By our second or third week meeting together, we were joking about “traditions” we had developed. All groups develop ways of doing things, intentional and unintentional. All of us started here as complete strangers seeking a place where we could find our spiritual home and community – some from other denominations, some hadn’t attended church since we were children, some had long UU backgrounds. We hope this will give newcomers an idea of how we are together, serve as a reminder to older members, and be a living document for how we work together to build our community.
Our brief history is here: How We Came About
10 to 10:45 am Religious Education for Adults and Children
10:45 to 11 Coffee
11am to 12pm Worship Service
Members volunteer to lead the service; it can include readings or a short talk, music, activities, structured or informal responses. We sometimes have a guest minister.
Von Ogden Vogt, for many years minister of the First Unitarian Society in Chicago, used the phrase “celebration of life” to describe the worship experience. Vogt believed that form, far from restricting freedom in worship, actually made freedom possible. For him, worship was celebration, essentially aesthetic experience, but with strong social and ethical overtones as well. He believed that both the religious and aesthetic consciousness of human beings alternate between inner and outer, a sense of the many and the one, the ideal and the actual.
Vogt held that worship begins with some commanding vision or ideal, before which the worshiper feels humble, awe-struck, or otherwise moved. The focus moves within as one relates oneself to the vision. Very quickly one is empowered and is ready to be challenged. The challenge having been given, the worshiper responds with new dedication and commitment.
We light the chalice at the beginning of our service to mark the beginning of worship. We have an affirmation, some form of the UU Principles, to remind ourselves of our purpose. We have inspiring or enlightening readings or music, and sometimes share what those evoked, free form or as part of an activity. We close with a benediction and a song “Go Now in Peace”.
Sharing and Listening: We often refer to responses to readings or talks during the service as “discussion,” but it is more intentional than a free-flowing discussion. We don’t always have discussions in the service, but when we do, we follow these guidelines.
Joys and Concerns: There will be a time in the service to share joys and concerns. In the words of Rev. Judy Welles “If you woke this morning with a sorrow so heavy that you need the help of this community to carry it; or if you woke with a joy so great that it simply must be shared, now is the time for you to speak.”
Announcements are made immediately following the end of the service (and emailed to the group or put on the calendar, as appropriate.)
Clothing: We are informal; jeans or sports clothes are fine.
The children’s group is designed for all ages since it is small.

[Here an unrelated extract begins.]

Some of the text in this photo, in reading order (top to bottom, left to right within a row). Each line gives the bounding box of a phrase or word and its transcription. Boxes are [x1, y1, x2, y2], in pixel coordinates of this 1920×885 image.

Visiting children are welcome.
We use these sharing and listening guidelines. Visitors are always welcome to the adult group, but it is an ongoing class, so you may not be prepared to participate fully in the discussion.

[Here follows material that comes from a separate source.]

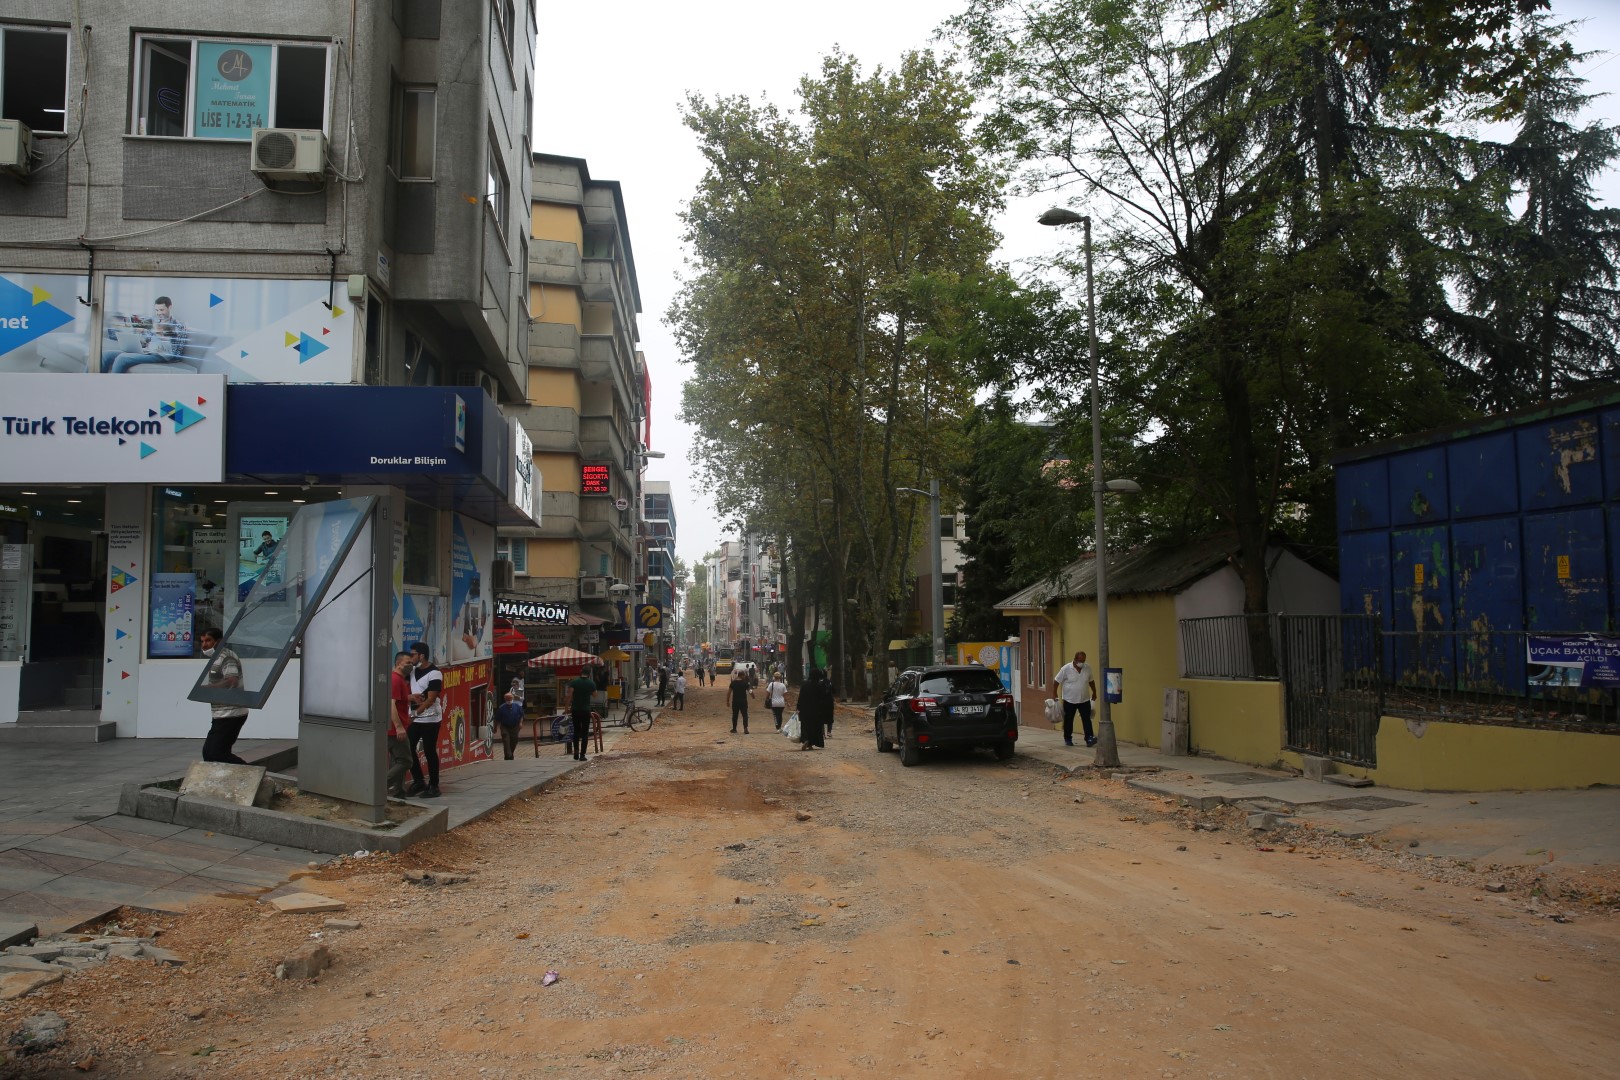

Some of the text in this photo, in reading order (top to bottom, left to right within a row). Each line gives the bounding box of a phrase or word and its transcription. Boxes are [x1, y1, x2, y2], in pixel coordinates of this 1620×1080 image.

The front page of our website always has our meeting schedule. A summary of each service is posted a day or two after the service, with however much of the service the service leader wanted to share on the web.
There are links to our calendar, which always has the service schedule, with topics and leaders if they are already scheduled. Clicking gives a summary, and there may be more details. Sometimes there will be documents attached to an entry; double-click to see the full entry and links to any attachments. Send an email to email@example.com to have events added to the calendar.

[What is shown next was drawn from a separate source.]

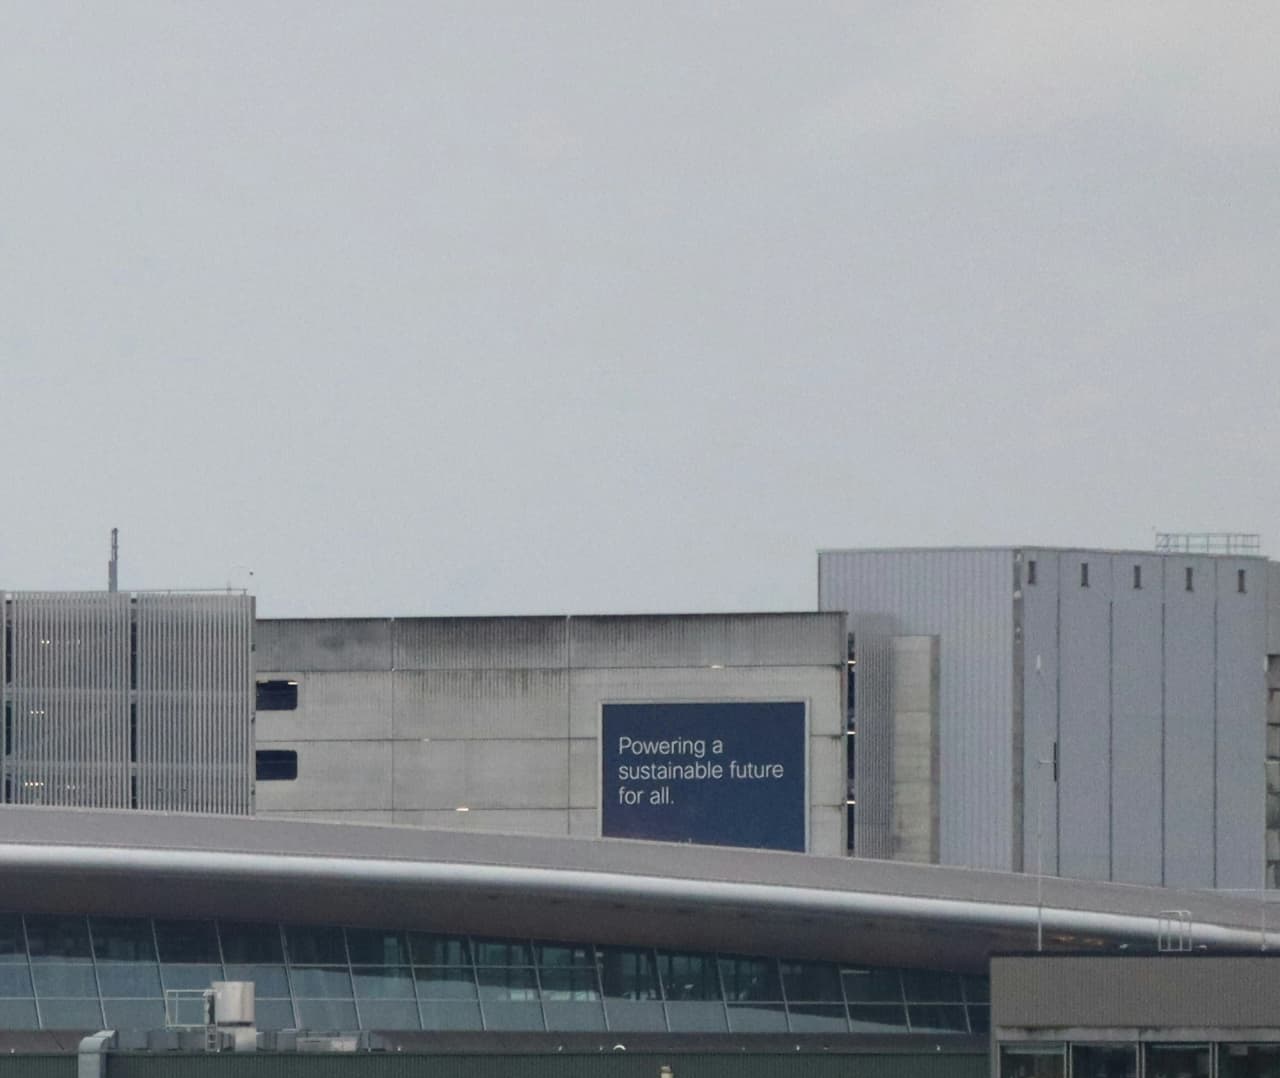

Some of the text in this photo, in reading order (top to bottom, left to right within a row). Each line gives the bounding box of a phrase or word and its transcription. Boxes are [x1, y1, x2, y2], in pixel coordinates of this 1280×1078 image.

We have a Google Groups email list for announcements and discussions among members. Because we sometimes share personal information and have discussions, it is a private group and not publicized. Only members can post; the address is firstname.lastname@example.org. The postings are archived, so you can go back and see previous emails on the web. They are only available to group members. Official emails are sent from the West Fork UU account; any group member can also send emails to the group. To join the group, Sign in and apply for membership. The list moderator will send you an invitation, which you must accept before you start receiving emails, and before you can see the email archives.
Here are guidelines on email use.
Members is a protected area of the website; there is a member directory, and members have shared their religious journeys. Ask for the password after you have come to at least two meetings and are ready to commit to the group.
Please share your own religious journey with the group by sending two or three paragraphs to the group; it will be copied onto the web page.
West Fork for the West Fork of the Monongahela River, to connect us to nature, and because it doesn’t associate us with one town. “Unitarian Universalists” to emphasize the people gathered rather than the organization. Maybe someday we will decide to call ourselves a church, fellowship, congregation, society or something else. All of those have layers of historic meaning for many people, so it is a decision for the community.
We are organized as an unincorporated non-profit. Our bylaws are here, and officers here. We began formal planning and organizing in January 2012. The Unitarian Universalist Association has recognized us as an “emerging congregation” which essentially only requires that we identify as UU, are meeting regularly, and our District recommended us. Membership of the congregation in UUA, which is a choice up to us, requires 30 adult members and incorporation, among other things.